Best Arm Identification with Resource Constraints
Zitian Li, Wang Chi Cheung
TL;DR
This work extends Best Arm Identification to resource-constrained, cost-heterogeneous experiments (BAIwRC), where each pull consumes multiple resource types and a fixed budget must be respected. It introduces SH-RR, a Sequential Halving variant with explicit resource rationing that ensures feasibility while maintaining exploration efficacy. The authors derive non-asymptotic upper bounds on the probability of failure, with distinct complexity terms for deterministic and stochastic consumption, and establish matching lower bounds to demonstrate near-optimality.

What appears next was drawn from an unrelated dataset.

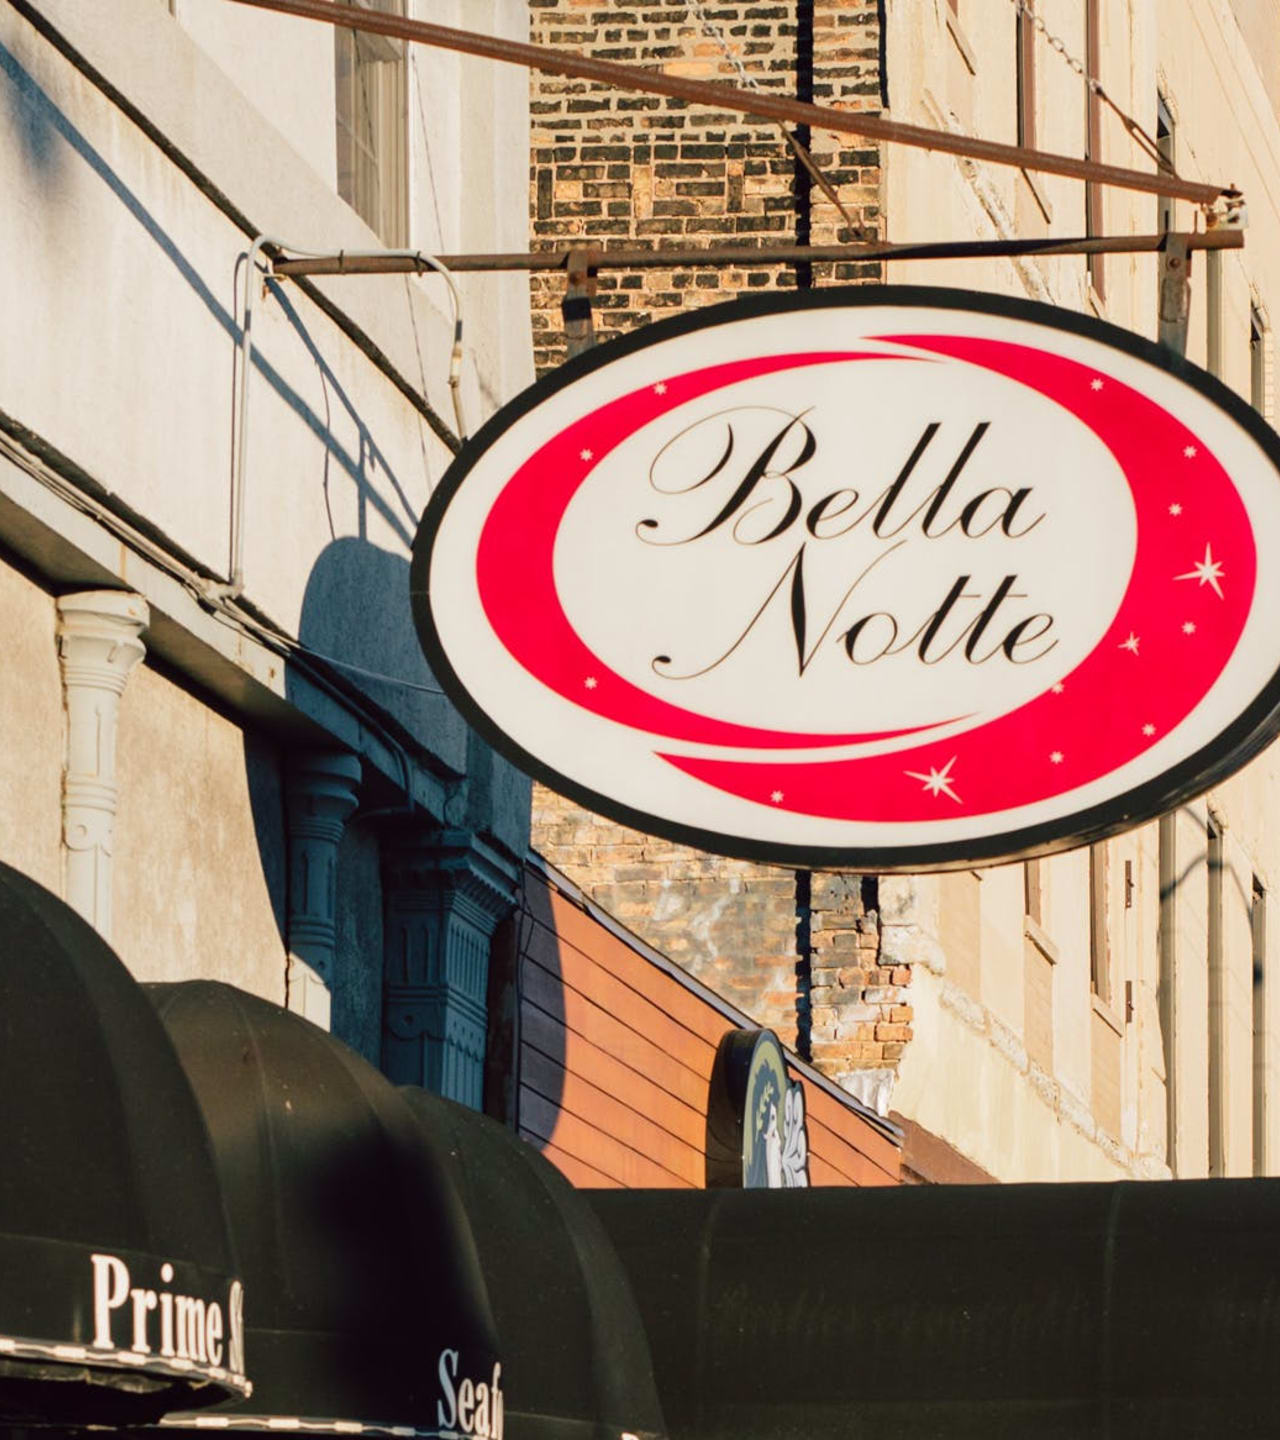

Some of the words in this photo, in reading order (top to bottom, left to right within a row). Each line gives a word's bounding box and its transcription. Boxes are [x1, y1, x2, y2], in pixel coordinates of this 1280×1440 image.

They show that stochastic consumption induces fundamentally different, more challenging behavior than deterministic consumption, and validate the approach through extensive simulations and real-world hyperparameter tuning tasks. The results highlight the importance of accounting for resource costs in pure-exploration bandit problems and provide practical guidance for cost-aware experimentation.
Abstract
Motivated by the cost heterogeneity in experimentation across different alternatives, we study the Best Arm Identification with Resource Constraints (BAIwRC) problem. The agent aims to identify the best arm under resource constraints, where resources are consumed for each arm pull. We make two novel contributions. We design and analyze the Successive Halving with Resource Rationing algorithm (SH-RR). The SH-RR achieves a near-optimal non-asymptotic rate of convergence in terms of the probability of successively identifying an optimal arm. Interestingly, we identify a difference in convergence rates between the cases of deterministic and stochastic resource consumption.